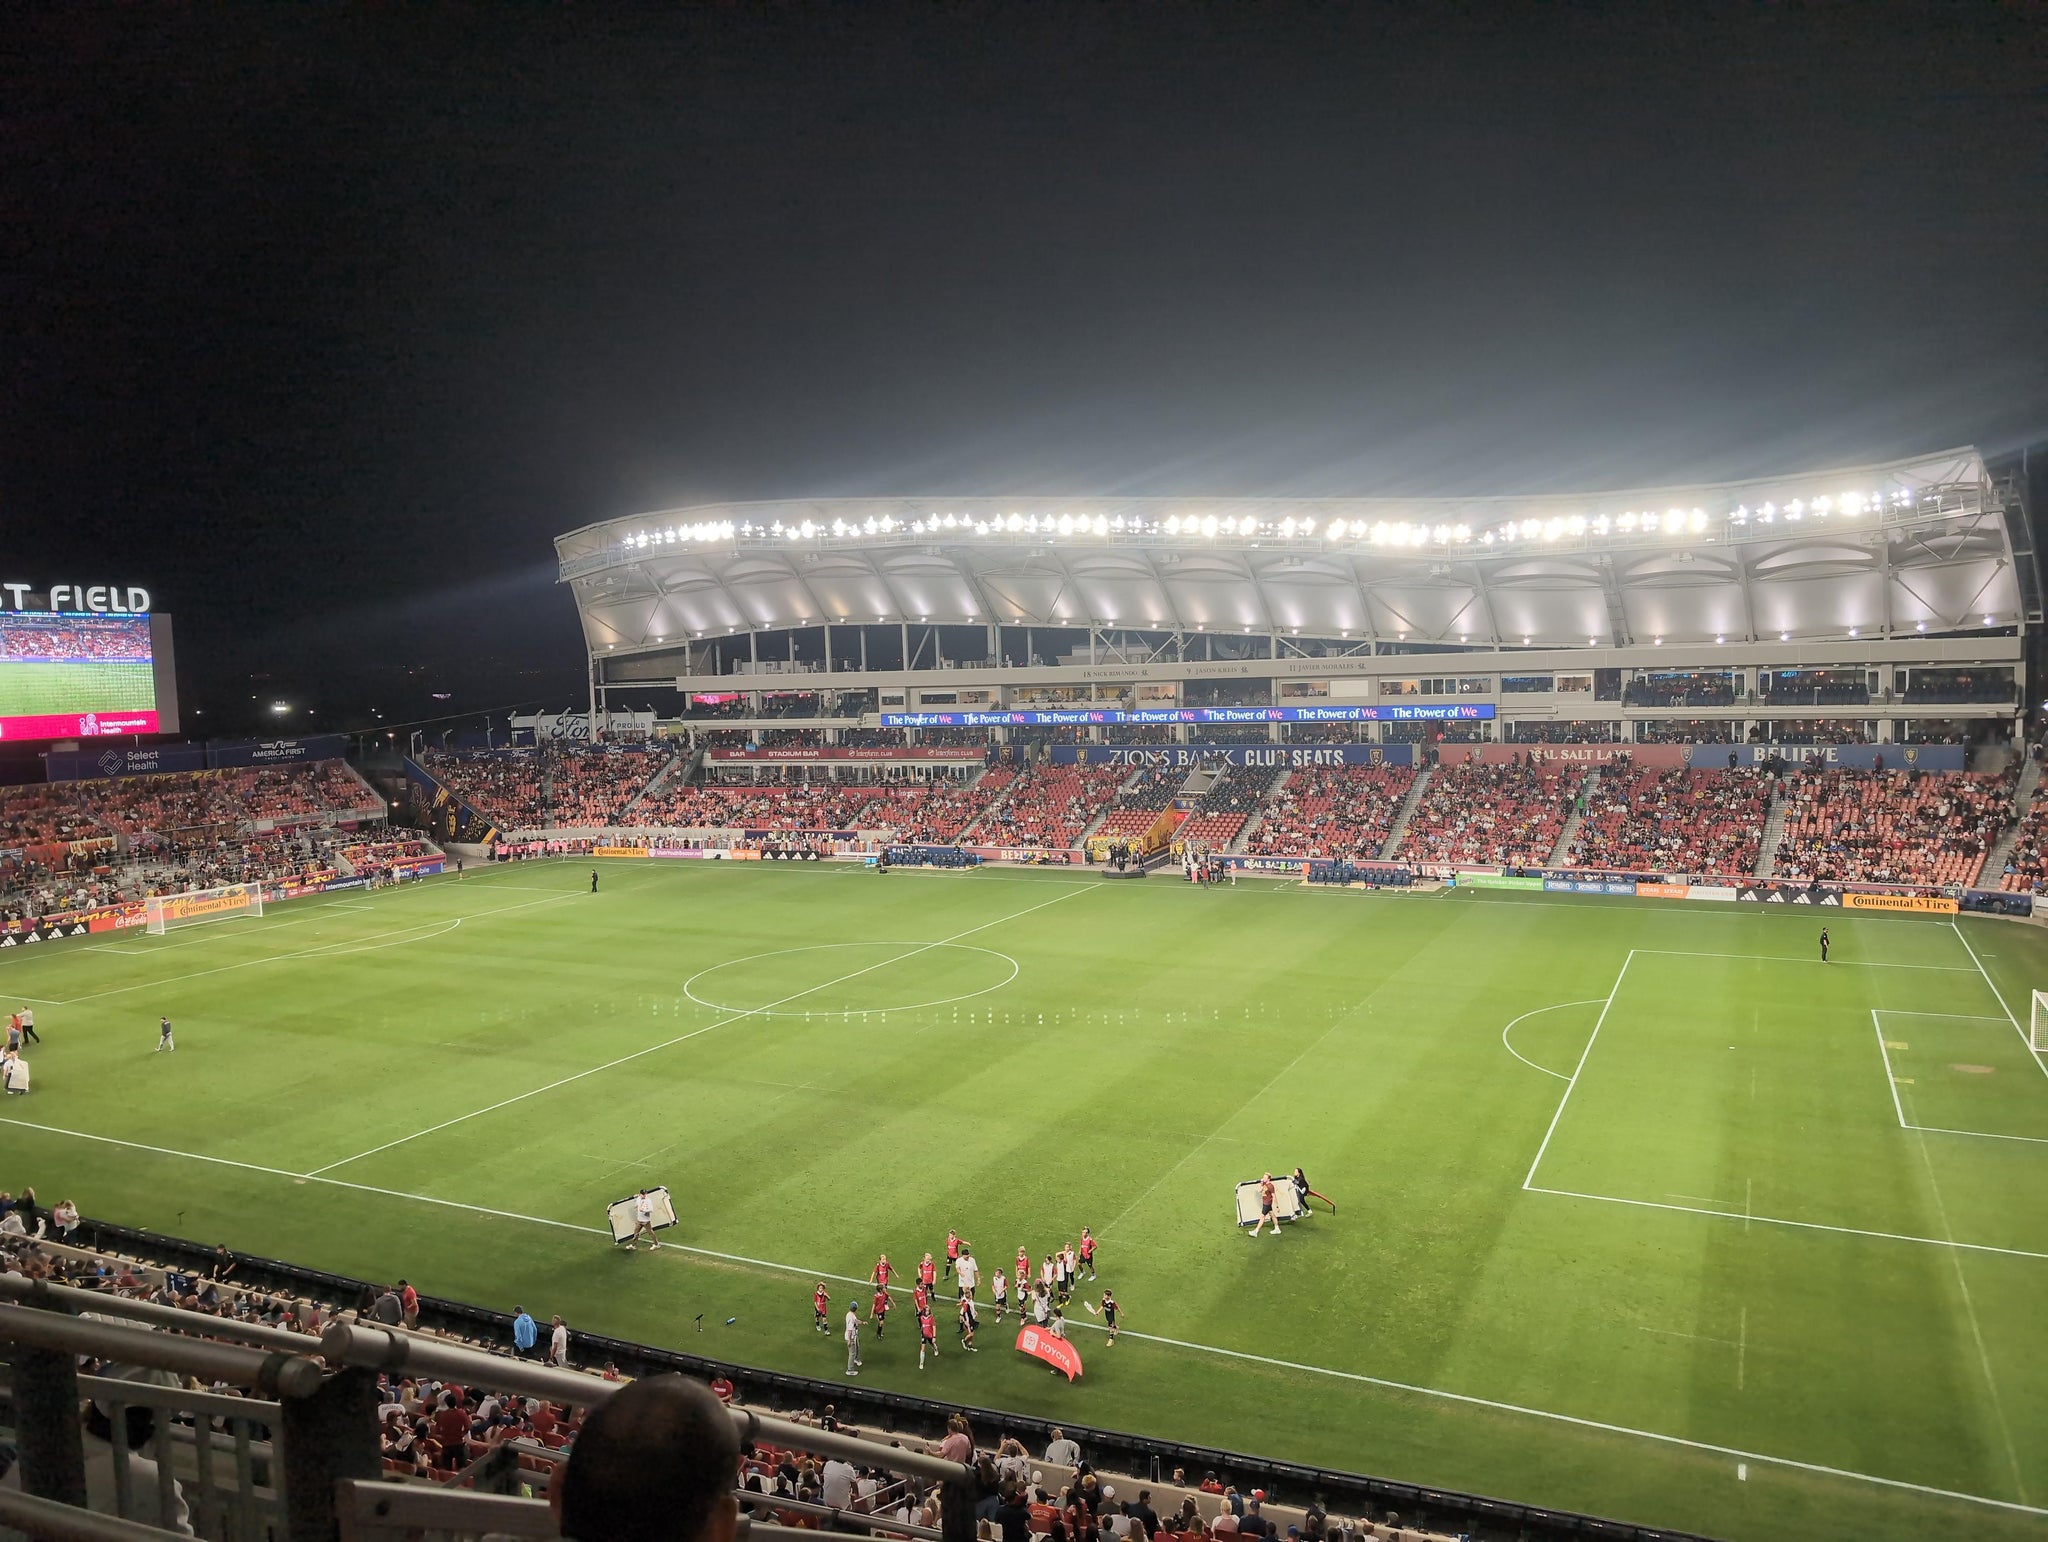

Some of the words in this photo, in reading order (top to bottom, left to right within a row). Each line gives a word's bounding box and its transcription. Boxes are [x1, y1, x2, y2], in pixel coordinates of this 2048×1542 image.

[0, 583, 31, 611] T
[50, 585, 150, 612] FIELD
[1196, 667, 1216, 675] JASON
[1298, 664, 1320, 672] JAVIER
[1036, 713, 1051, 723] The
[1053, 713, 1079, 722] Power
[1080, 712, 1088, 722] of
[1090, 712, 1103, 721] We
[1141, 712, 1168, 721] Power
[1169, 711, 1178, 721] of
[1180, 711, 1194, 720] We
[1208, 710, 1225, 720] The
[1227, 710, 1254, 720] Power
[1256, 709, 1266, 719] of
[1268, 710, 1283, 719] We
[1297, 708, 1315, 719] The
[1317, 709, 1347, 719] Power
[1349, 708, 1360, 718] of
[1362, 708, 1377, 718] We
[1392, 707, 1412, 718] The
[1414, 707, 1446, 718] Power
[1447, 706, 1460, 717] of
[1461, 707, 1477, 717] We
[100, 719, 147, 727] Intermountain
[888, 714, 903, 725] The
[929, 714, 938, 724] of
[939, 714, 952, 724] We
[980, 714, 1000, 724] Power
[1001, 713, 1010, 723] of
[1012, 713, 1024, 723] We
[101, 727, 122, 735] Health
[127, 750, 159, 761] Select
[252, 749, 285, 758] AMERICA
[286, 747, 306, 755] FIRST
[1109, 749, 1171, 766] ZIONS
[1292, 749, 1344, 766] SEATS
[1560, 749, 1593, 760] SALT
[1596, 749, 1633, 760] LAKE
[1754, 747, 1838, 762] BELIEVE
[128, 760, 158, 771] Health
[1001, 850, 1041, 860] BELIE
[325, 879, 361, 891] Intermountain
[180, 901, 221, 916] Continental
[228, 896, 246, 907] Tire
[1853, 895, 1913, 908] Continental
[1926, 897, 1950, 910] Tire
[1040, 1341, 1070, 1369] TOYOTA
__________________________________________________
* [About this task] The expected response is every line of the material, written out exactly, with the images removed.

* [Completed task]
Some of the words in this photo, in reading order (top to bottom, left to right within a row). Each line gives a word's bounding box and its transcription. Boxes are [x1, y1, x2, y2], in pixel coordinates of this 2048×1542 image.

[0, 583, 31, 611] T
[50, 585, 150, 612] FIELD
[1196, 667, 1216, 675] JASON
[1298, 664, 1320, 672] JAVIER
[1036, 713, 1051, 723] The
[1053, 713, 1079, 722] Power
[1080, 712, 1088, 722] of
[1090, 712, 1103, 721] We
[1141, 712, 1168, 721] Power
[1169, 711, 1178, 721] of
[1180, 711, 1194, 720] We
[1208, 710, 1225, 720] The
[1227, 710, 1254, 720] Power
[1256, 709, 1266, 719] of
[1268, 710, 1283, 719] We
[1297, 708, 1315, 719] The
[1317, 709, 1347, 719] Power
[1349, 708, 1360, 718] of
[1362, 708, 1377, 718] We
[1392, 707, 1412, 718] The
[1414, 707, 1446, 718] Power
[1447, 706, 1460, 717] of
[1461, 707, 1477, 717] We
[100, 719, 147, 727] Intermountain
[888, 714, 903, 725] The
[929, 714, 938, 724] of
[939, 714, 952, 724] We
[980, 714, 1000, 724] Power
[1001, 713, 1010, 723] of
[1012, 713, 1024, 723] We
[101, 727, 122, 735] Health
[127, 750, 159, 761] Select
[252, 749, 285, 758] AMERICA
[286, 747, 306, 755] FIRST
[1109, 749, 1171, 766] ZIONS
[1292, 749, 1344, 766] SEATS
[1560, 749, 1593, 760] SALT
[1596, 749, 1633, 760] LAKE
[1754, 747, 1838, 762] BELIEVE
[128, 760, 158, 771] Health
[1001, 850, 1041, 860] BELIE
[325, 879, 361, 891] Intermountain
[180, 901, 221, 916] Continental
[228, 896, 246, 907] Tire
[1853, 895, 1913, 908] Continental
[1926, 897, 1950, 910] Tire
[1040, 1341, 1070, 1369] TOYOTA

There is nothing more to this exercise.